会場はJR横須賀駅の横にあるウエルシティー市民プラザの横須賀市生涯学習センターの一室。講師は郷土史を研究している弟君。テーマは『帝国ホテル・ライト館建設に参加した地元横須賀の土木建設請負業「長浜組」の子孫が語る建設秘話。』だった。
初代帝国ホテルの開業は明治23年(1890年)と大変歴史が古い。開業はしたものの順風満帆とは行かなかったようだ。フランク・ロイド・ライトが設計した作品は立て直しの切り札だった。そのフランク・ロイド・ライトが設計した帝国ホテル新館の工事にクラスメイトの先祖が携わっていた。今から1世紀以上前の話になる。

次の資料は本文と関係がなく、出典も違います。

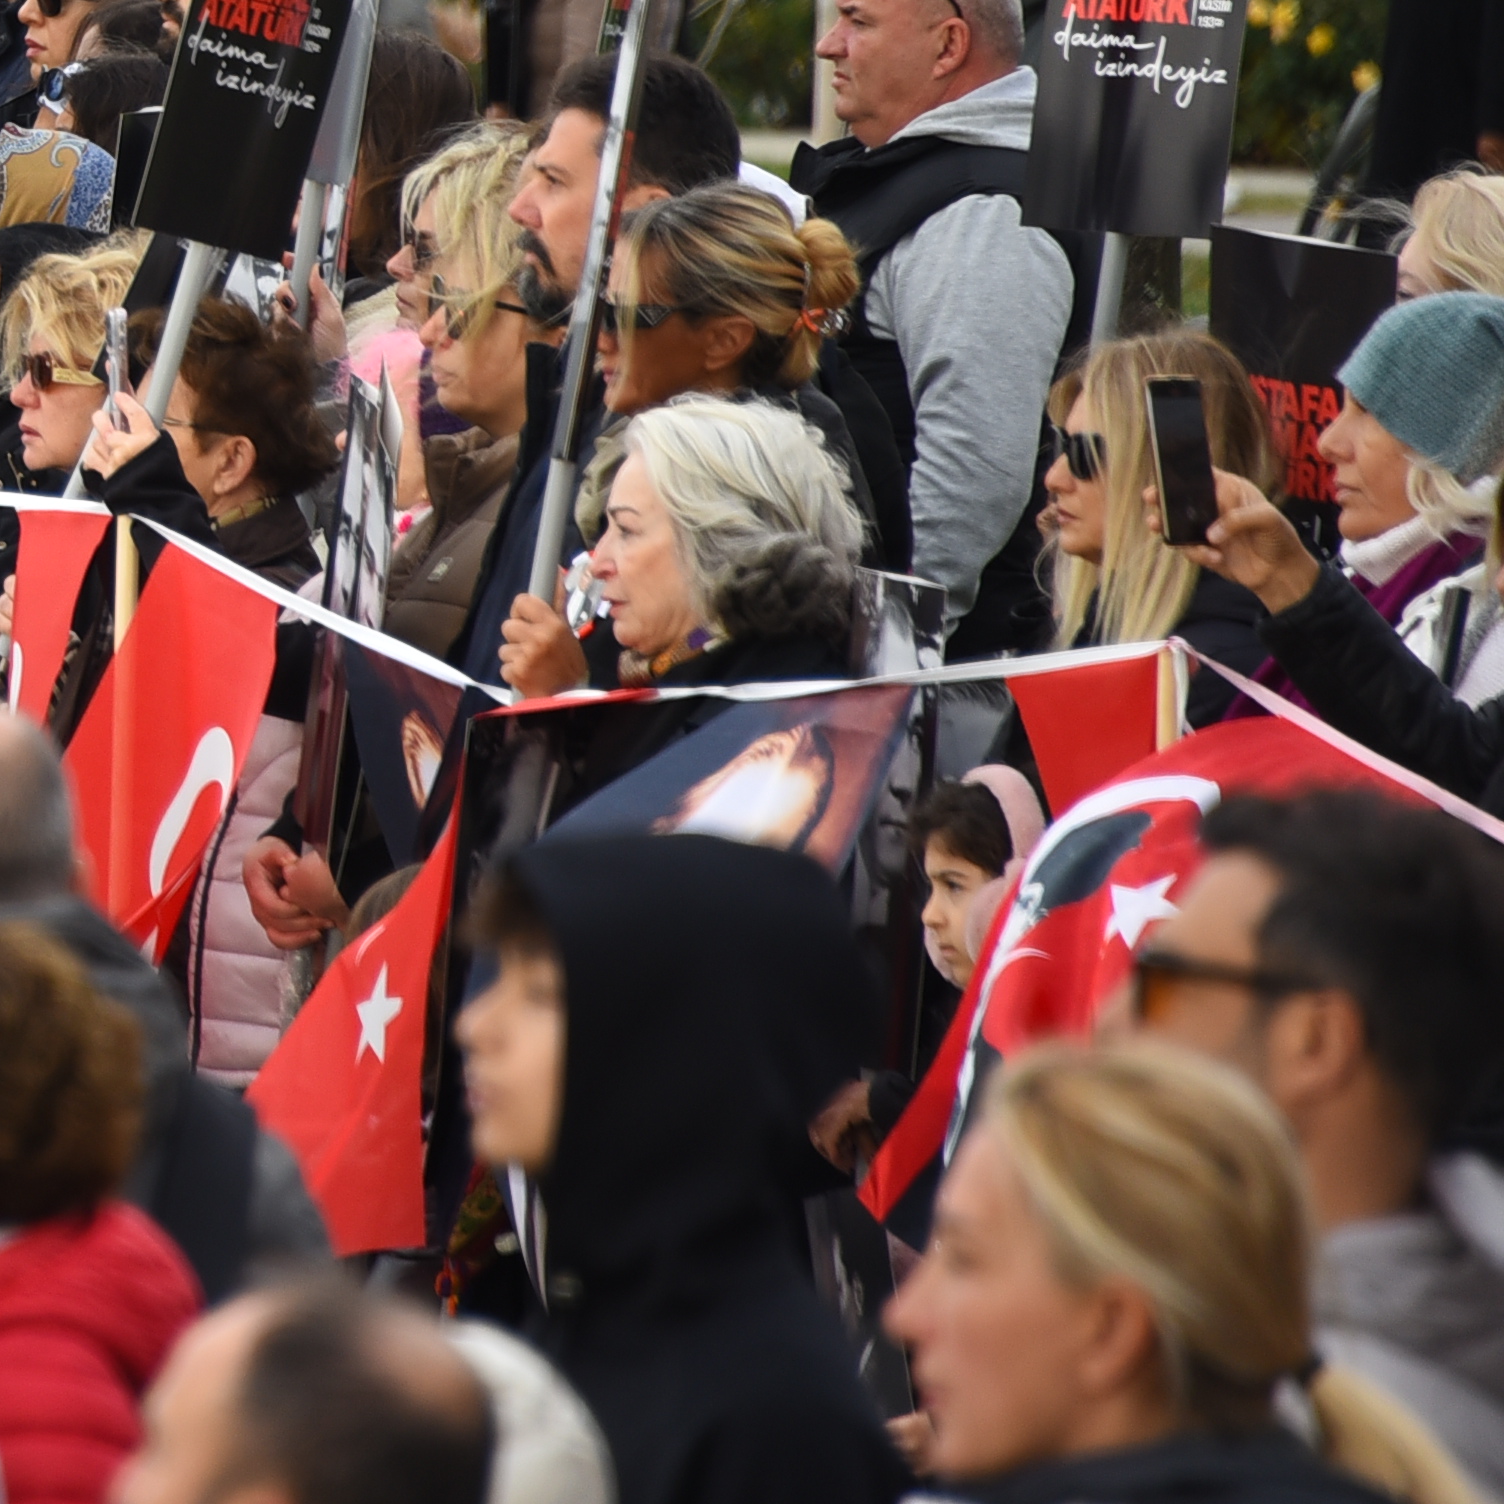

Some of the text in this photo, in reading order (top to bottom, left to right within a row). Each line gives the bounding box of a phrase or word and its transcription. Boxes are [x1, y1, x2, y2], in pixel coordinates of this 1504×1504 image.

立て直しのために渋沢栄一、大倉喜八郎らの期待に応えて第7代目(日本人3人目)の支配人になったのが林愛作だった。林愛作は明治6年生まれ。10代で渡米。ウイスコンシン大学に学び、その後ニューヨーク山中商会に入社。その頃フランク・ロイドと知りあった。この林と結婚したのが長浜組(長浜佐一郎社長)の次女多嘉子。クラスメイトはこの長浜家の子孫にあたる。林は夫婦でアメリカに渡り、ロイドに新館の設計を依頼し、大正8年に建設が始まる。この時、林の奥様の実家が「長浜組」という土木建築請負業だったということもあり、新館建設に携わることになった。帝国ホテル新館建設に横須賀の会社が参画していたなどという話は聞いたことが無かったのでとても新鮮な感じがした。1世紀も前の物語を沢山の写真と資料で解説してくれた。現在、ロイドの設計した当時の帝国ホテルの建物の一部は国の登録有形文化財として愛知県の明治村に保存されている。